What is expected: Every entry should be returned unchanged, with the pictures omitted.

Recorded information:

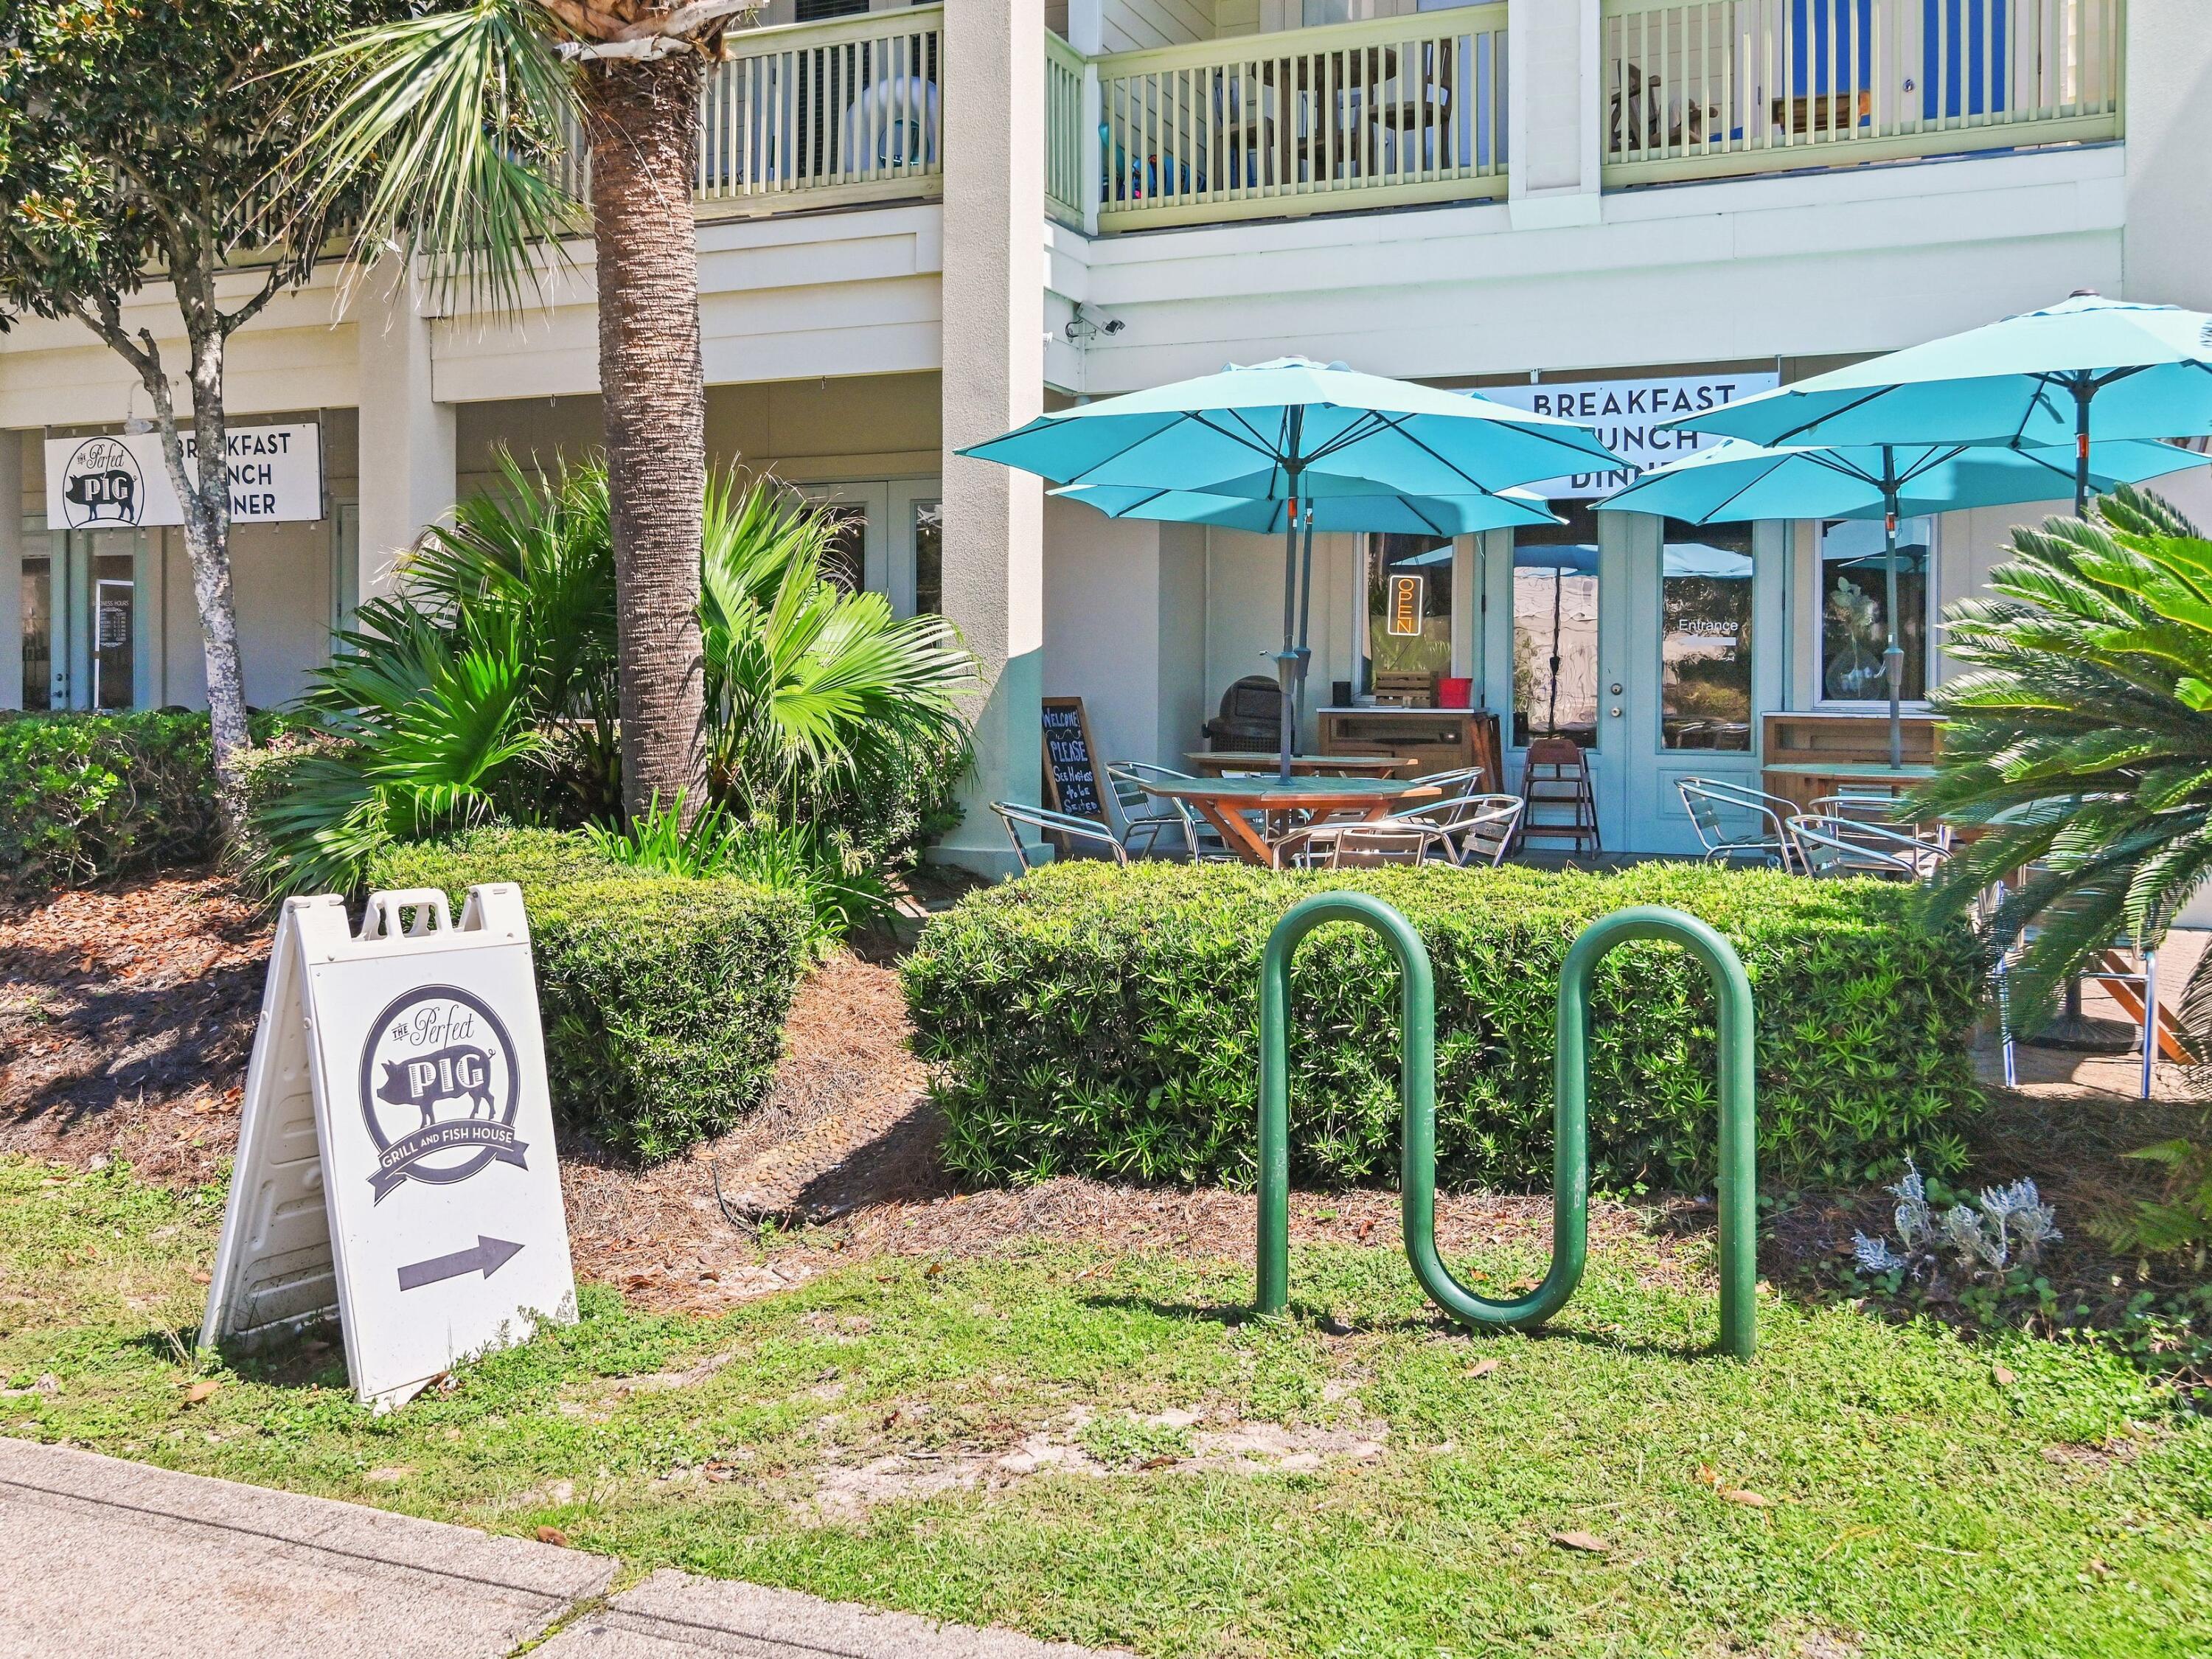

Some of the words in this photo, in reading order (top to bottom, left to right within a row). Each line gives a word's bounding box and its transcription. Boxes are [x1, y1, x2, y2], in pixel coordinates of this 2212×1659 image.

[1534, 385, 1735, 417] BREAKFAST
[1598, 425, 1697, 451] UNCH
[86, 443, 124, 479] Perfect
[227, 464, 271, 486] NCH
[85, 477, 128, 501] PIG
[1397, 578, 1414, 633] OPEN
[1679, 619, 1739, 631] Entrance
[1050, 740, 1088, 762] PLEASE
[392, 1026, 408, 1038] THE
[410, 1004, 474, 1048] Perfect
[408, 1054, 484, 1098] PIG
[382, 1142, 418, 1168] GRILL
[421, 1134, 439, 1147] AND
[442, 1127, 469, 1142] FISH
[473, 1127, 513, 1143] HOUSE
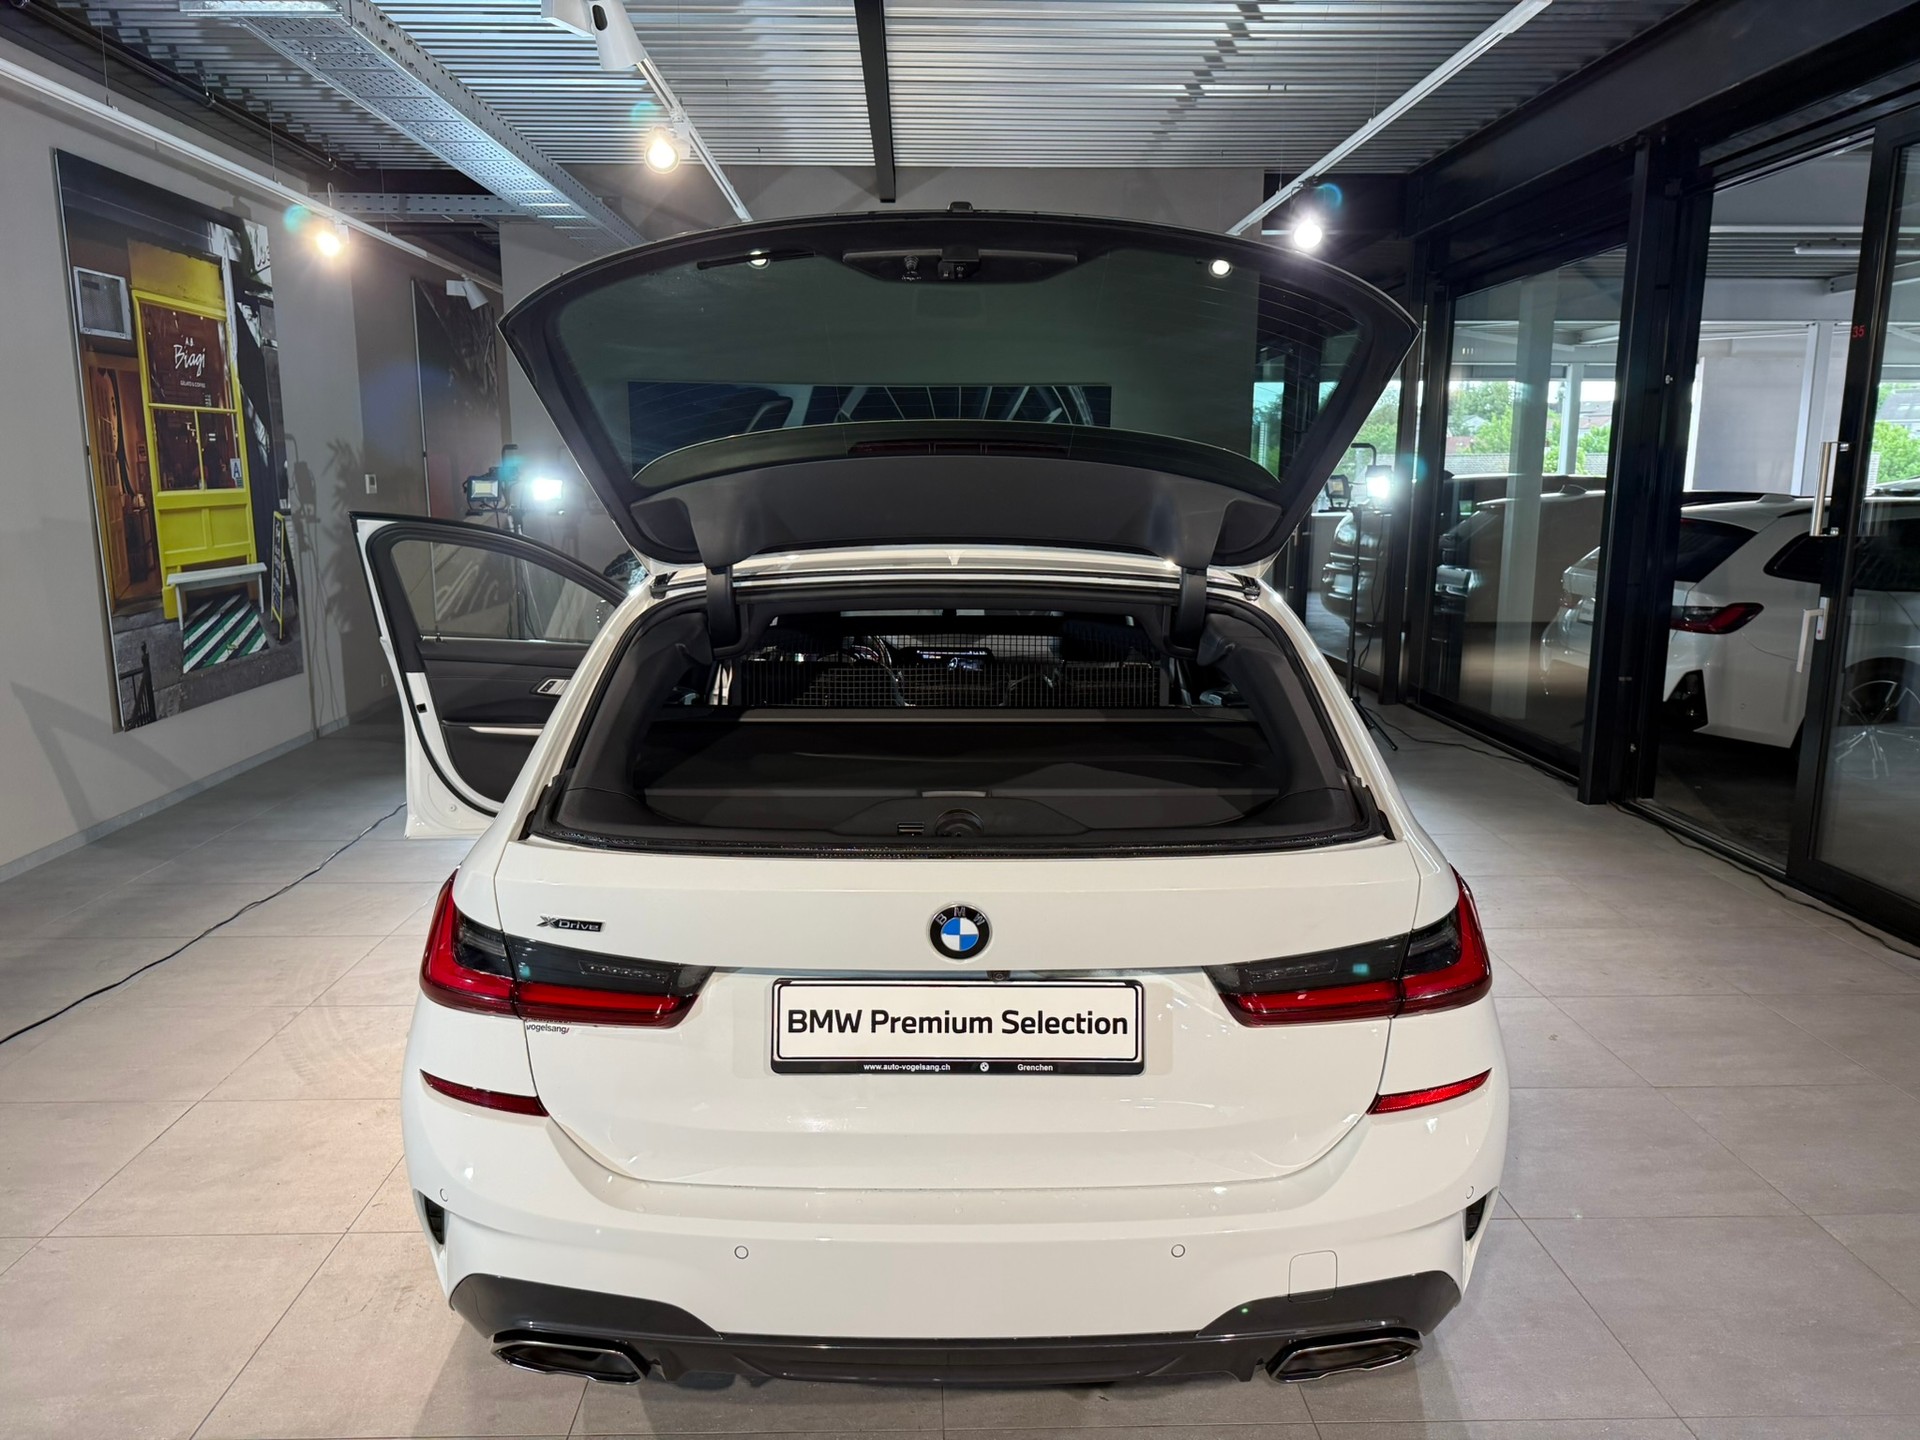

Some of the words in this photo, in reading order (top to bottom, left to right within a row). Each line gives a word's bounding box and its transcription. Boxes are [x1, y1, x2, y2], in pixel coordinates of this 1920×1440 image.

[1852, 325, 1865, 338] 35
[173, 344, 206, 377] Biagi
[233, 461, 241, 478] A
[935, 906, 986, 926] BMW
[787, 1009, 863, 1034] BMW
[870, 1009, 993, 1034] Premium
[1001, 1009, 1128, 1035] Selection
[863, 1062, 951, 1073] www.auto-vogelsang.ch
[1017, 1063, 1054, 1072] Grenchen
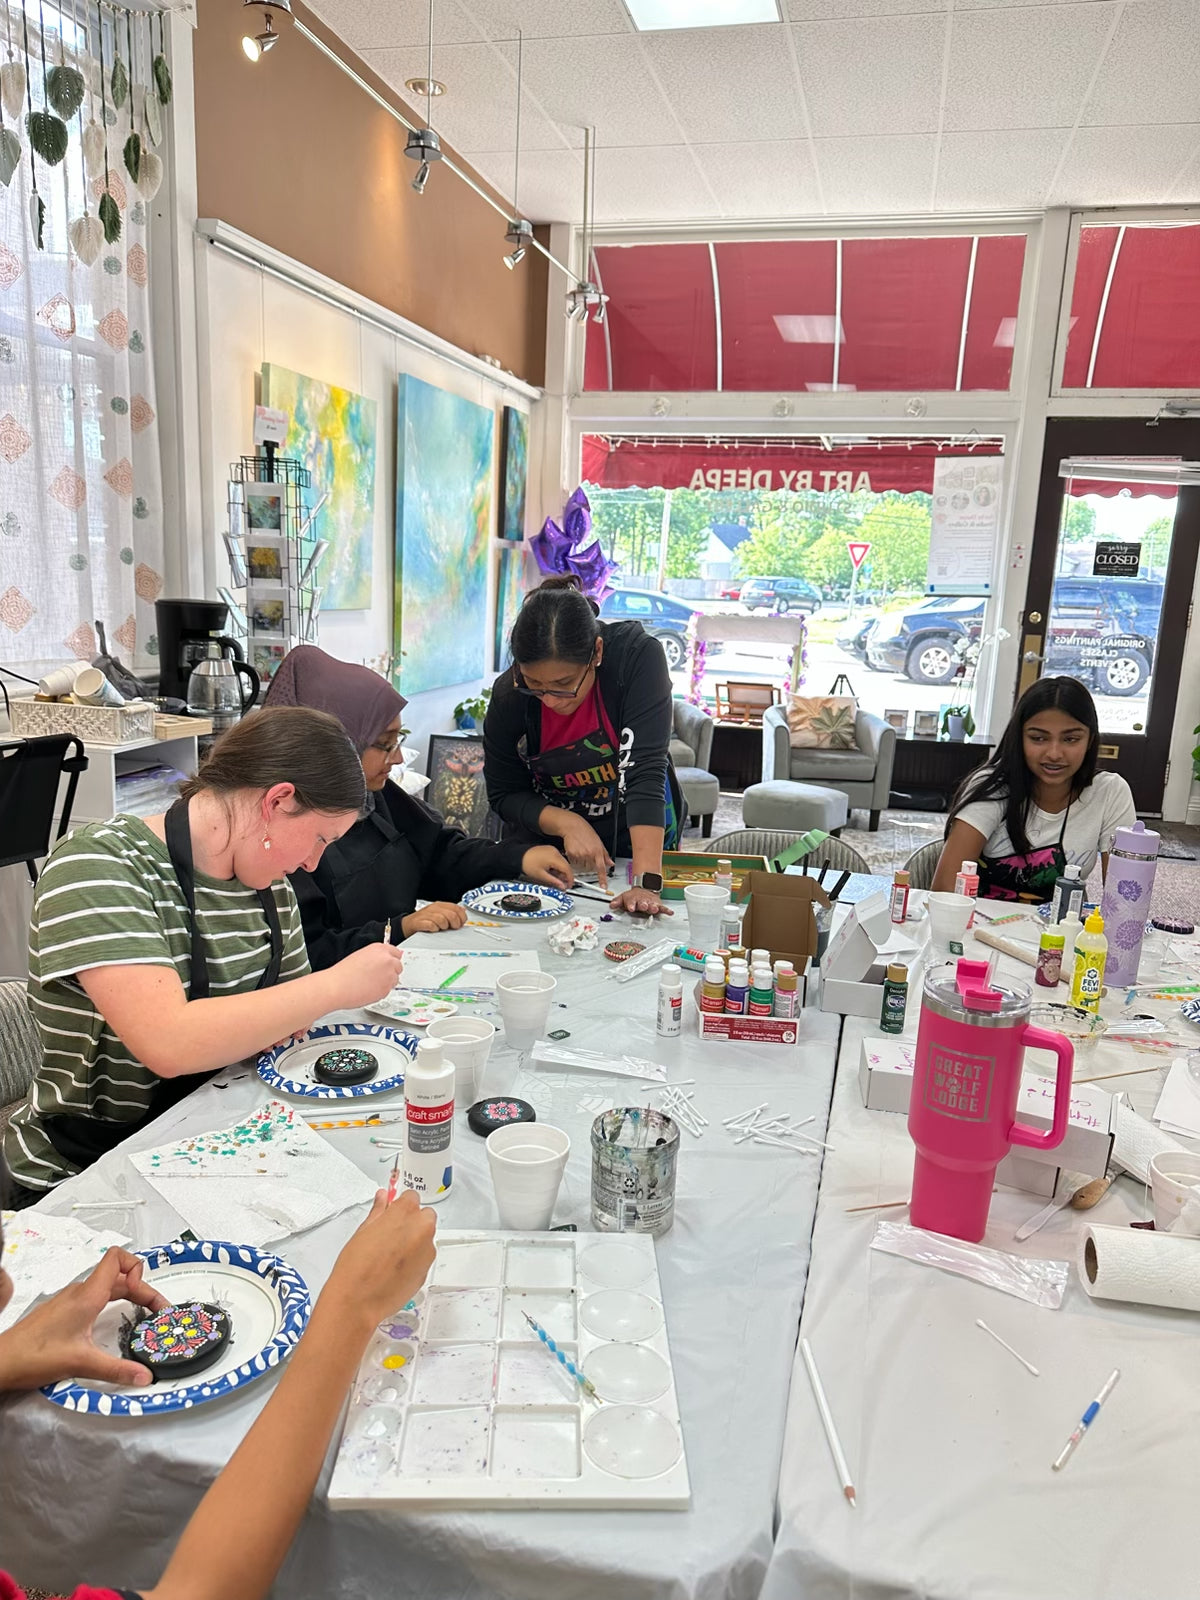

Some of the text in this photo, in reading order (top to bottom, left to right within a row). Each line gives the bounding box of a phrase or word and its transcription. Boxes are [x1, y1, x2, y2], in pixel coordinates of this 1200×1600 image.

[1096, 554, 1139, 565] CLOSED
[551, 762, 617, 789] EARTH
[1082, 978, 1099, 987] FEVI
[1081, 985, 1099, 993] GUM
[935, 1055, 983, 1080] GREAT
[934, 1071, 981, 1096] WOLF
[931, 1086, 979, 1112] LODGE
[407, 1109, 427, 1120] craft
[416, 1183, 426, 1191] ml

Response area:
Some of the words in this photo, in reading order (top to bottom, left to right within a row). Each line gives a word's bounding box and its transcription. Boxes are [x1, y1, x2, y2], in pixel coordinates of this 2212×1659 image.

[1534, 385, 1735, 417] BREAKFAST
[1598, 425, 1697, 451] UNCH
[86, 443, 124, 479] Perfect
[227, 464, 271, 486] NCH
[85, 477, 128, 501] PIG
[1397, 578, 1414, 633] OPEN
[1679, 619, 1739, 631] Entrance
[1050, 740, 1088, 762] PLEASE
[392, 1026, 408, 1038] THE
[410, 1004, 474, 1048] Perfect
[408, 1054, 484, 1098] PIG
[382, 1142, 418, 1168] GRILL
[421, 1134, 439, 1147] AND
[442, 1127, 469, 1142] FISH
[473, 1127, 513, 1143] HOUSE

Some of the words in this photo, in reading order (top to bottom, left to right within a row). Each line gives a word's bounding box and its transcription. Boxes are [x1, y1, x2, y2], in pixel coordinates of this 1920×1440 image.

[1852, 325, 1865, 338] 35
[173, 344, 206, 377] Biagi
[233, 461, 241, 478] A
[935, 906, 986, 926] BMW
[787, 1009, 863, 1034] BMW
[870, 1009, 993, 1034] Premium
[1001, 1009, 1128, 1035] Selection
[863, 1062, 951, 1073] www.auto-vogelsang.ch
[1017, 1063, 1054, 1072] Grenchen

Some of the text in this photo, in reading order (top to bottom, left to right within a row). Each line gives the bounding box of a phrase or word and its transcription. Boxes are [x1, y1, x2, y2], in pixel coordinates of this 1200×1600 image.

[1096, 554, 1139, 565] CLOSED
[551, 762, 617, 789] EARTH
[1082, 978, 1099, 987] FEVI
[1081, 985, 1099, 993] GUM
[935, 1055, 983, 1080] GREAT
[934, 1071, 981, 1096] WOLF
[931, 1086, 979, 1112] LODGE
[407, 1109, 427, 1120] craft
[416, 1183, 426, 1191] ml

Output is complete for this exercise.